EM ALGUM LUGAR, há um lugar para nós?
Há um lugar no qual eu possa apreciar sem temores, sem receios, com aquela, com aquele, a quem eu amo, com quem convivo?
Professor Wagner Balera. (Foto: Reprodução)
REFLEXÃO | Wagner Balera é professor titular de Direito Previdenciário e de Direitos Humanos na Faculdade de Direito da Pontifícia Universidade Católica de São Paulo (PUC-SP), Livre-Docente em Direitos Humanos, Doutor em Direito área de Direitos Humanos
É impressionante que, agora, somente agora, quando se lança o filme O Maestro, para enfocar a figura de Leonard Bernstein, o grande regente da Filarmônica de Nova Iorque, por mais de trinta anos, compositor de diversas óperas e trilhas sonoras para filmes, como Sindicato de Ladrões, que ficou ainda mais conhecido como um dos criadores, ao lado de Stephen Sondheim, do musical da Broadway Amor, Sublime Amor, que foi levado aos cinemas em 1961 e, mais recentemente, pelo diretor Steven Spielberg no remake de 2021, seja entoada a ária Somewhere (no sentido estrito ária é qualquer composição musical escrita para um cantor solista, tendo quase o mesmo significado de canção. E, usamos a expressão “somewhere” quando falamos de um lugar em particular, mas que ainda não sabemos onde é).

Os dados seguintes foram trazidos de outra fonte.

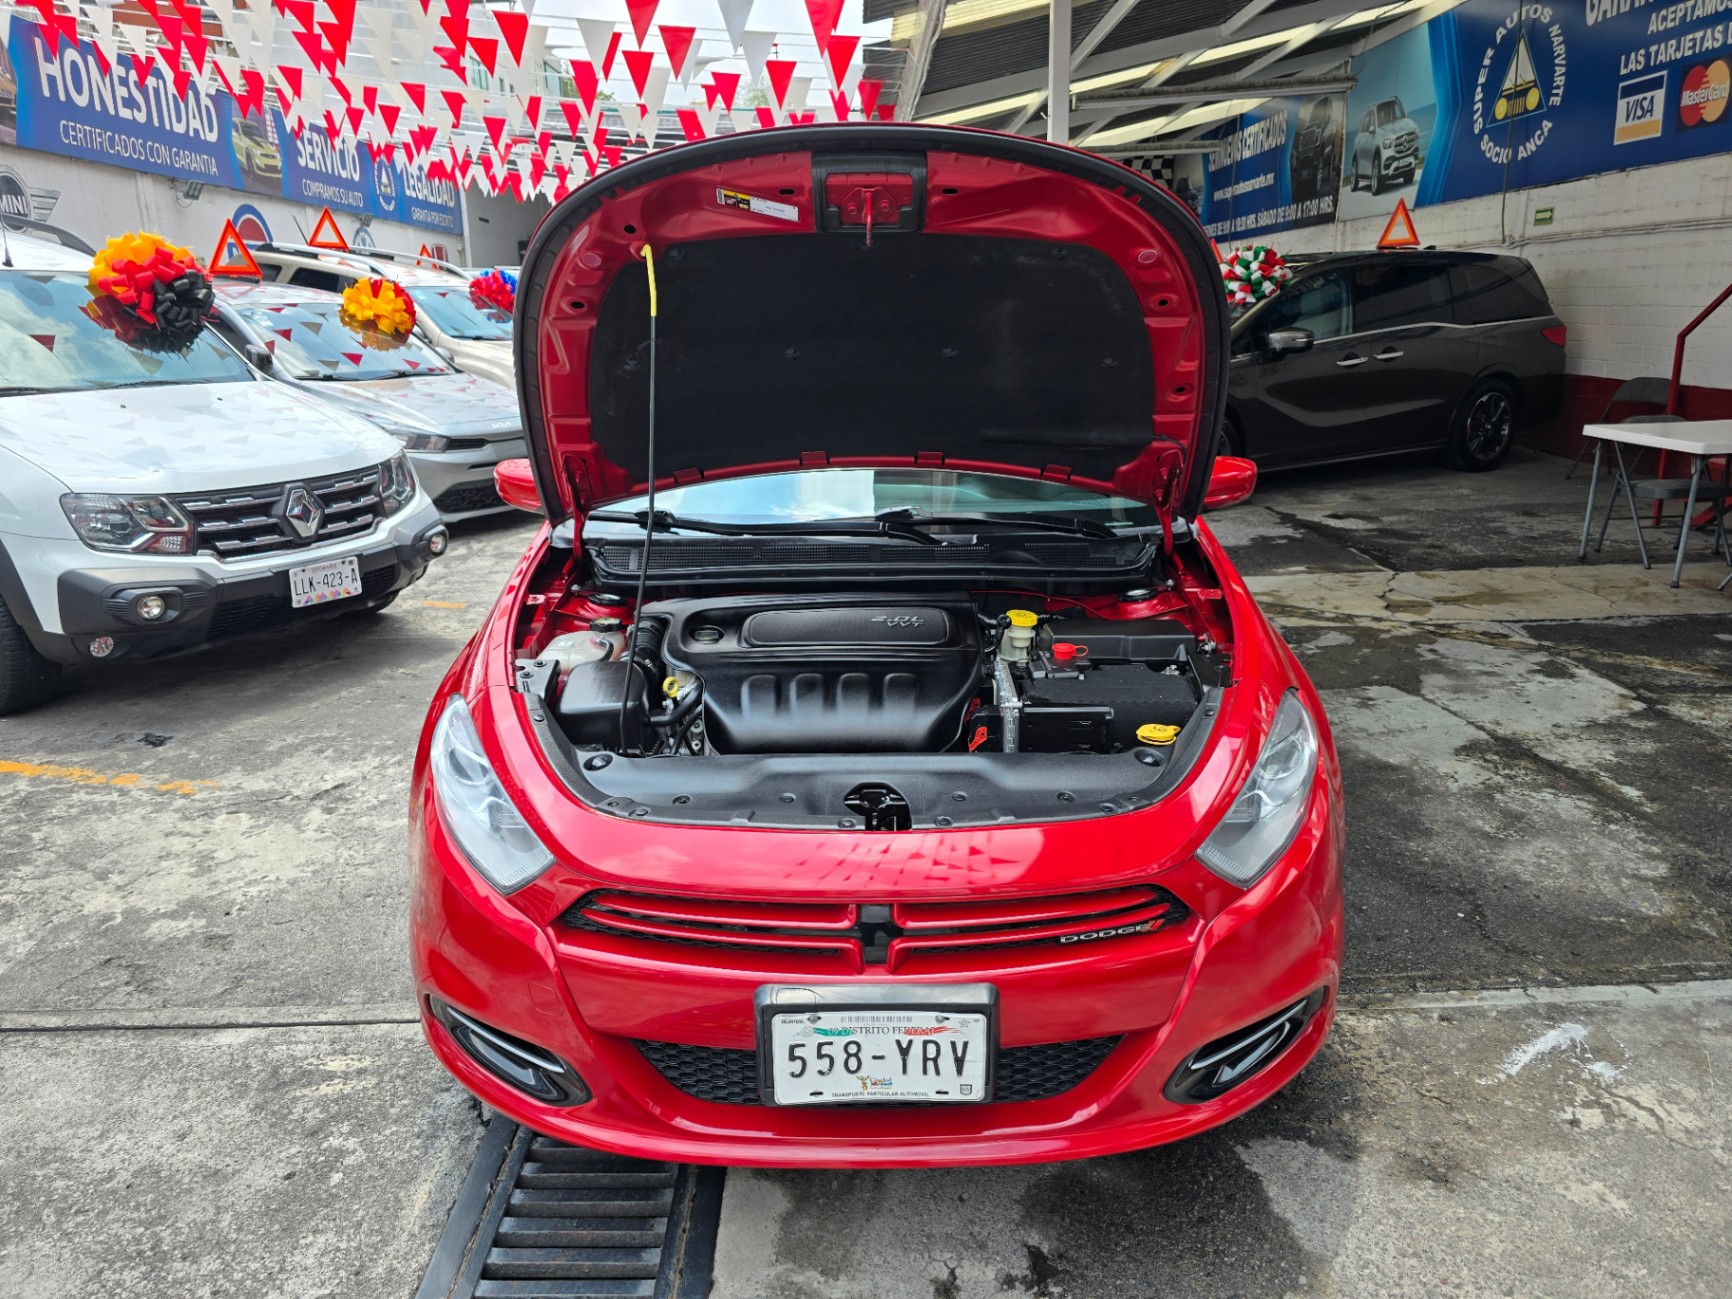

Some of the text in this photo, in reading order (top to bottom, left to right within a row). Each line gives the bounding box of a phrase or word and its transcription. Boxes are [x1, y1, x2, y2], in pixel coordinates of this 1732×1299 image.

[1495, 4, 1553, 45] AUTOS
[1548, 23, 1566, 106] NARVARTE
[1619, 48, 1646, 75] LAS
[1649, 24, 1724, 67] TARJETAS
[34, 36, 219, 143] HONESTIDAD
[1473, 47, 1495, 134] SUPER
[1625, 95, 1655, 123] VISA
[1680, 83, 1731, 108] MasterCard
[60, 120, 219, 176] CERTIFICADOS CON GARANTIA
[296, 129, 360, 182] SERVICIO
[1242, 110, 1288, 160] CERTIFICADOS
[1480, 134, 1512, 164] SOCIO
[1517, 119, 1553, 160] ANCA
[0, 194, 28, 215] MINI
[302, 178, 341, 203] COMPRAMOS
[340, 190, 349, 205] SU
[348, 192, 363, 208] AUTO
[1277, 206, 1285, 224] DE
[1297, 202, 1302, 220] A
[1302, 198, 1319, 218] 17:00
[1319, 195, 1335, 215] HRS.
[293, 567, 358, 596] LLK-423-A
[1060, 922, 1151, 943] DODGE
[841, 1026, 890, 1036] DISTRITO
[892, 1026, 936, 1036] FEDERAL
[787, 1038, 970, 1079] 558-YRV

Em suma, essa pergunta ecoa para além da ária e da ópera West Side Story e nos interpela quase que cotidianamente. Diariamente.
Nesse início de ano é tempo de refletir e indagar: Há um lugar para nós? Em algum lugar, há um lugar para nós?

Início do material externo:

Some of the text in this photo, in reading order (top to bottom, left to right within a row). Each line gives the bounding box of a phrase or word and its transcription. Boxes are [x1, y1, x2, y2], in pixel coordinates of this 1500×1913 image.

E, mais ainda, há um tempo para nós?
Um tempo para estarmos juntos em algum lugar?
Podemos segurar um a mão do outro? Sim. O outro. Que outro?
Esse apelo dramático à solidariedade, que se expressa na melancólica canção, nos entremostra a realidade que estamos vivenciando hoje.
Cada um de nós se poderia perguntar: há um lugar para mim, neste tempo? Há um lugar no qual eu possa apreciar sem temores, sem receios, com aquela, com aquele, a quem eu amo, com quem convivo?
E teremos tempo, nessas correrias da vida, para desfrutar desse lugar?
Que tal, para começar, escolhermos o caminho?
Seguremos um na mão do outro e, como na canção que entoávamos para o papa São João Paulo II, em sua memorável visita ao Brasil, também na mão de Deus. Ela não nos faltará. Vamos! Há um lugar para nós. Todos podem encontrar seu lugar. Há um tempo para nós. Se você procurar, e obviamente me refiro a todos, porque ninguém encontrou plenamente o seu lugar, vai encontrar.
Mas, esse tempo, esse lugar, essa pessoa, não pode ser somente o que já está colado comigo. Temos que engajar mais alguém; temos que chamar outros.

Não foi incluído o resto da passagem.